The roughly $1.6 billion initiative envisions retrofitting a plant in Meredosia, Illinois, to burn coal and capture roughly 1.3 million metric tons of the facility’s annual CO2 emissions with oxy-combustion technology. The capture and storage of CO2 emissions from a coal-fired power plant have never been demonstrated at large scale.
The source said that the alliance’s recent posting of a map of a proposed CO2 pipeline route signals the project’s progress, despite the challenges. The route would take the greenhouse gas underground from the Meredosia capture site to its storage spot after crossing two major highways and the properties of more than 80 landowners.
Last week, FutureGen officials met with landowners along the 30-mile pipeline route as required by law, the source said.
Project moves on with lower costs
Babcock & Wilcox also announced an agreement last week with the alliance to begin initial engineering work. That followed a recent Department of Energy declaration that the project was moving into “Phase II,” a process that is expected to complete all of the plant’s permitting.
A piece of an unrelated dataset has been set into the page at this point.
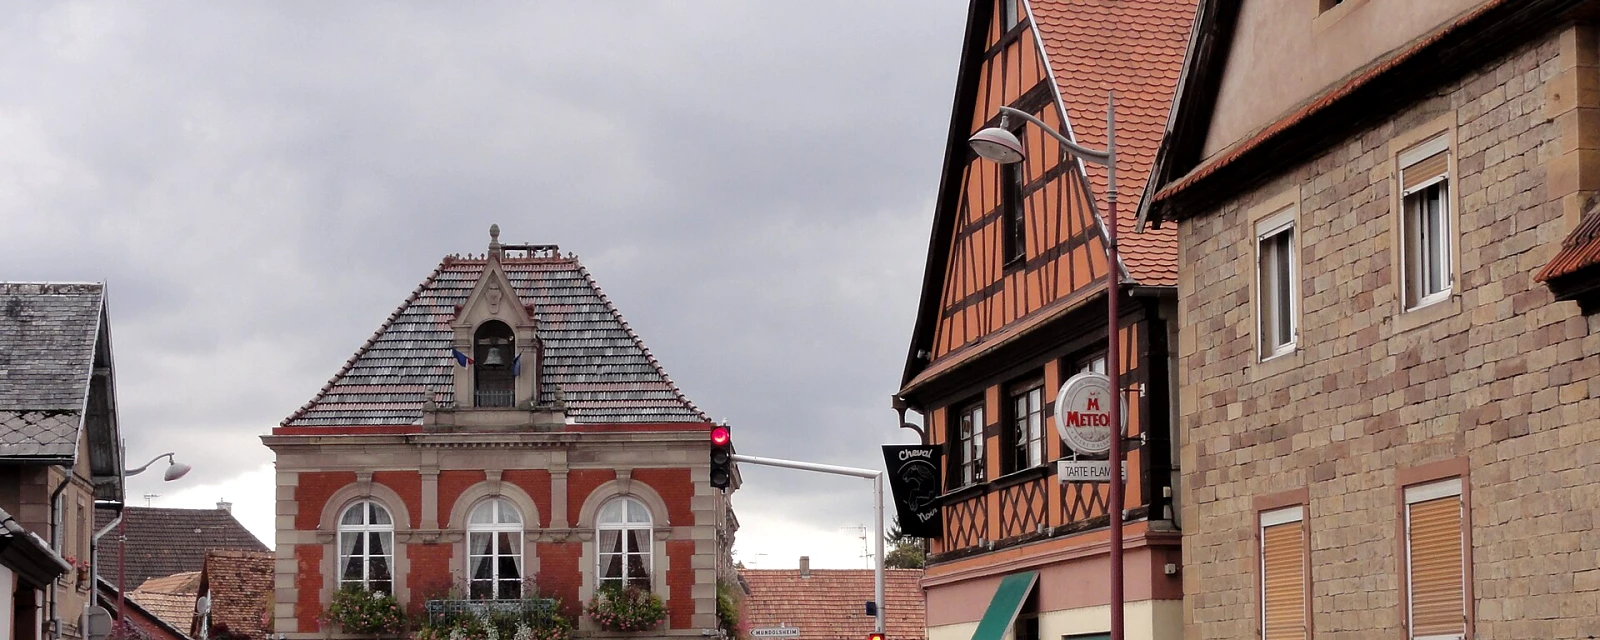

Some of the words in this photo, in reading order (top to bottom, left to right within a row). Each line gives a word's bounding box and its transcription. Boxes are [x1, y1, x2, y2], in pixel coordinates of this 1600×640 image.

But the financing agreement continues to be a flash point between critics, Sen. Durbin and FutureGen officials.
Last month, Exelon President and CEO Christopher Crane sent a letter to Durbin saying that the company would not join the restructured FutureGen Alliance, despite its support for an earlier iteration of FutureGen in 2010.
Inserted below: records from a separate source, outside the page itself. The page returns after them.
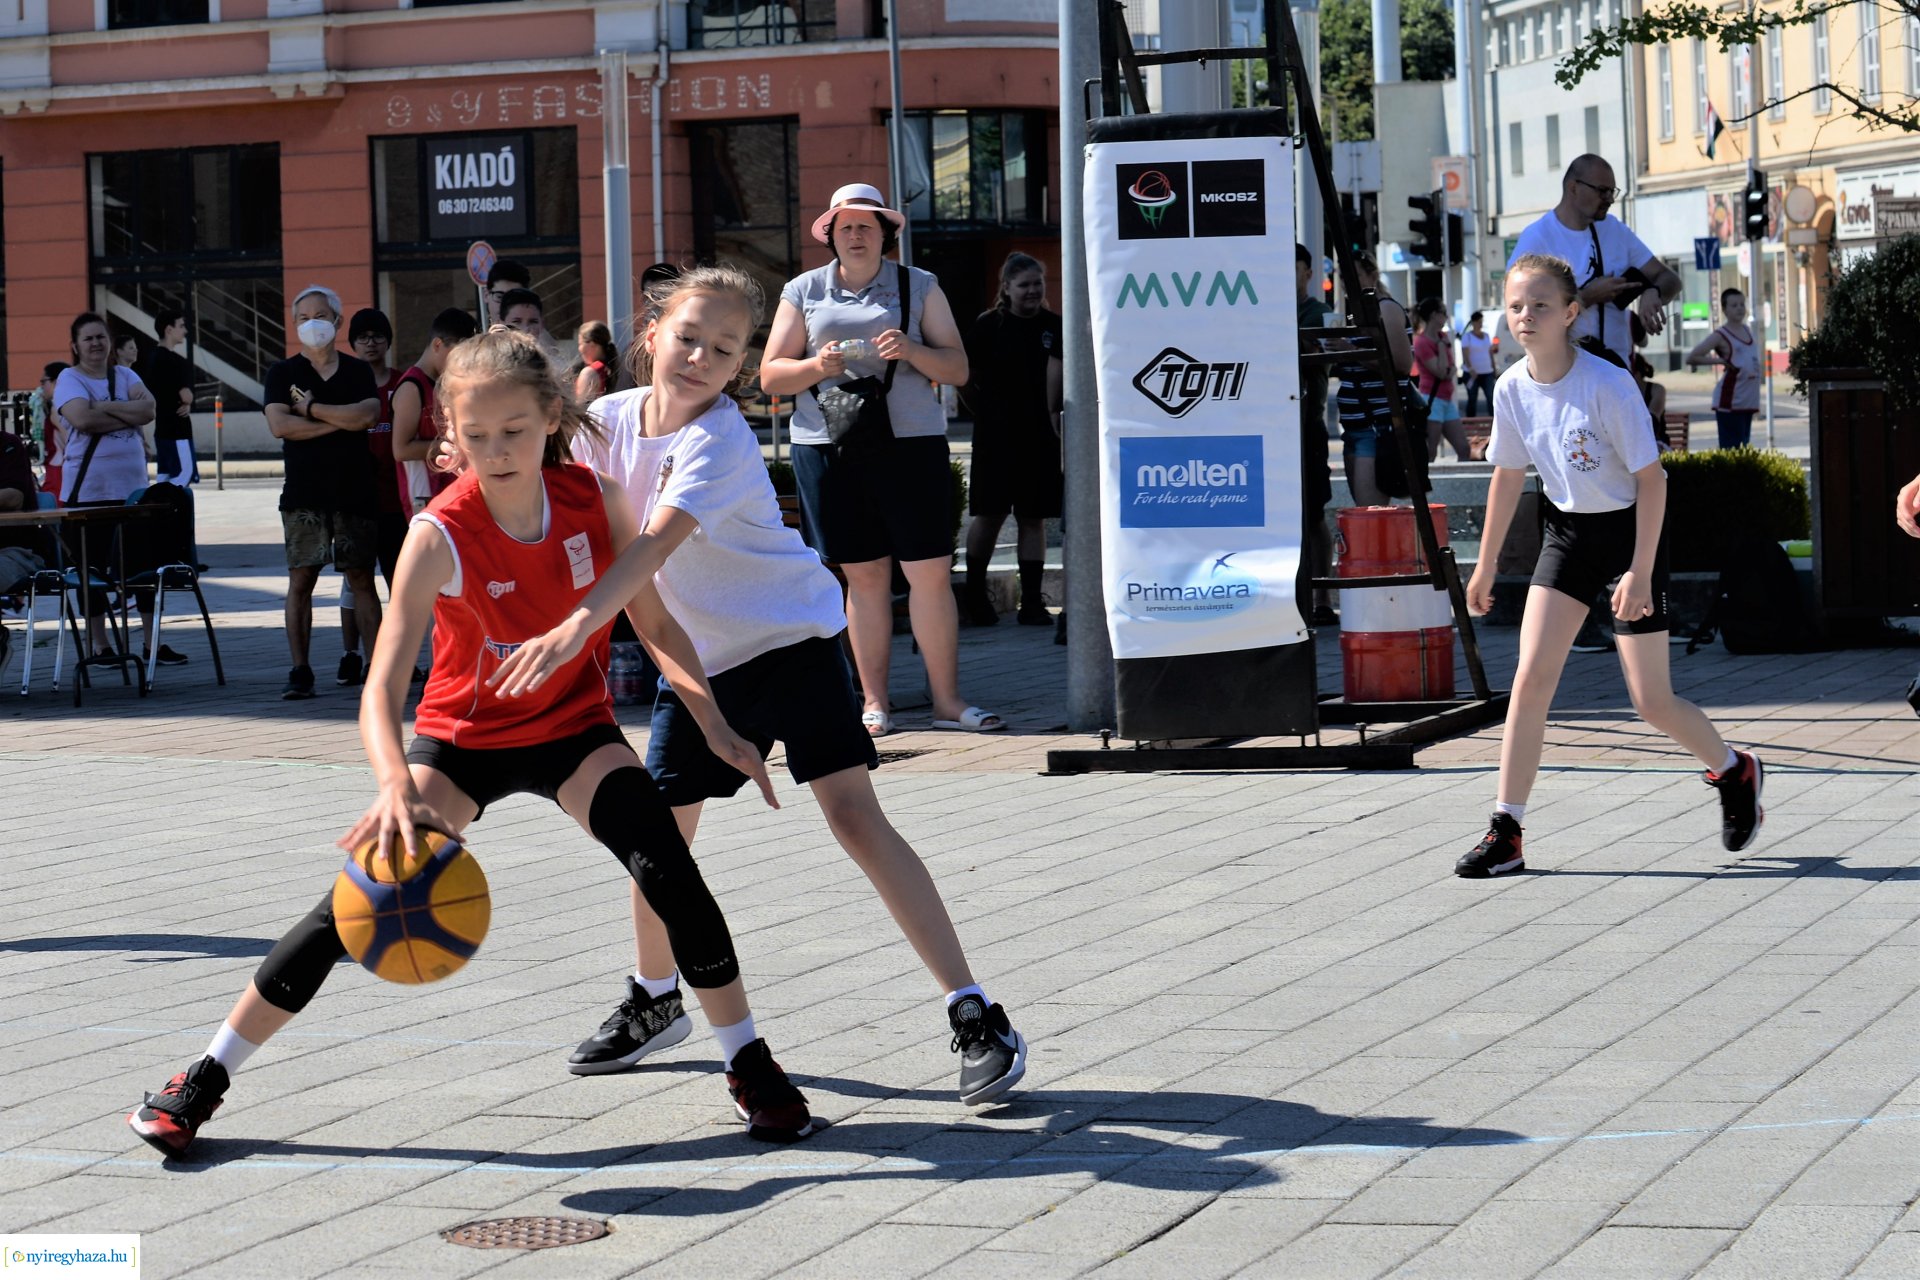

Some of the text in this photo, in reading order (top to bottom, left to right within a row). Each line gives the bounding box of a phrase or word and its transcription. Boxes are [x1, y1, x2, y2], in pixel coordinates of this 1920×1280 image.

[435, 146, 515, 190] KIADÓ
[1201, 192, 1257, 203] MKOSZ
[1116, 270, 1258, 308] MVM
[1158, 362, 1249, 401] TOTI
[1137, 460, 1248, 487] molten
[1133, 490, 1248, 508] For the real game
[1127, 583, 1250, 601] Primavera
Additionally, ComEd and the Illinois Competitive Energy Association — a coalition of energy suppliers — filed their notices to challenge the power purchase agreement with an Illinois appellate court. Critics say that the state’s utility customers will get hit with higher costs to pay for the remaining financing for FutureGen 2.0.
“Our decision reflects our long-held position that customers should not be forced to pay enormous above-market charges for electricity, as the project is now seeking,” Exelon spokesman Paul Elsberg said yesterday.
The original FutureGen envisioned a power plant built from scratch, with alliance members contributing much of the cost. FutureGen 2.0 has a different cost structure where “corporate contributions are significantly reduced,” according to Crane.
Crane’s comments last month prompted sharp criticism from Durbin, a longtime FutureGen supporter. The senator said that Exelon’s “heavy-handed corporate betrayal has few parallels in Illinois history.”
In approving the power purchase agreement, the ICC concluded that the project would not cause rates to rise higher than allowed by state rules. The commission said that the agreement would move the state forward in complying with an Illinois standard requiring that 25 percent of state electricity come from “clean” coal by 2025.
In his new letter, Humphreys said that the estimated rate of impact from the project would be approximately 1.3 percent, below a cap outlined by the state standard.
“The bottom line is that both project costs and ratepayer impacts have been reduced since January 2010,” Humphreys said.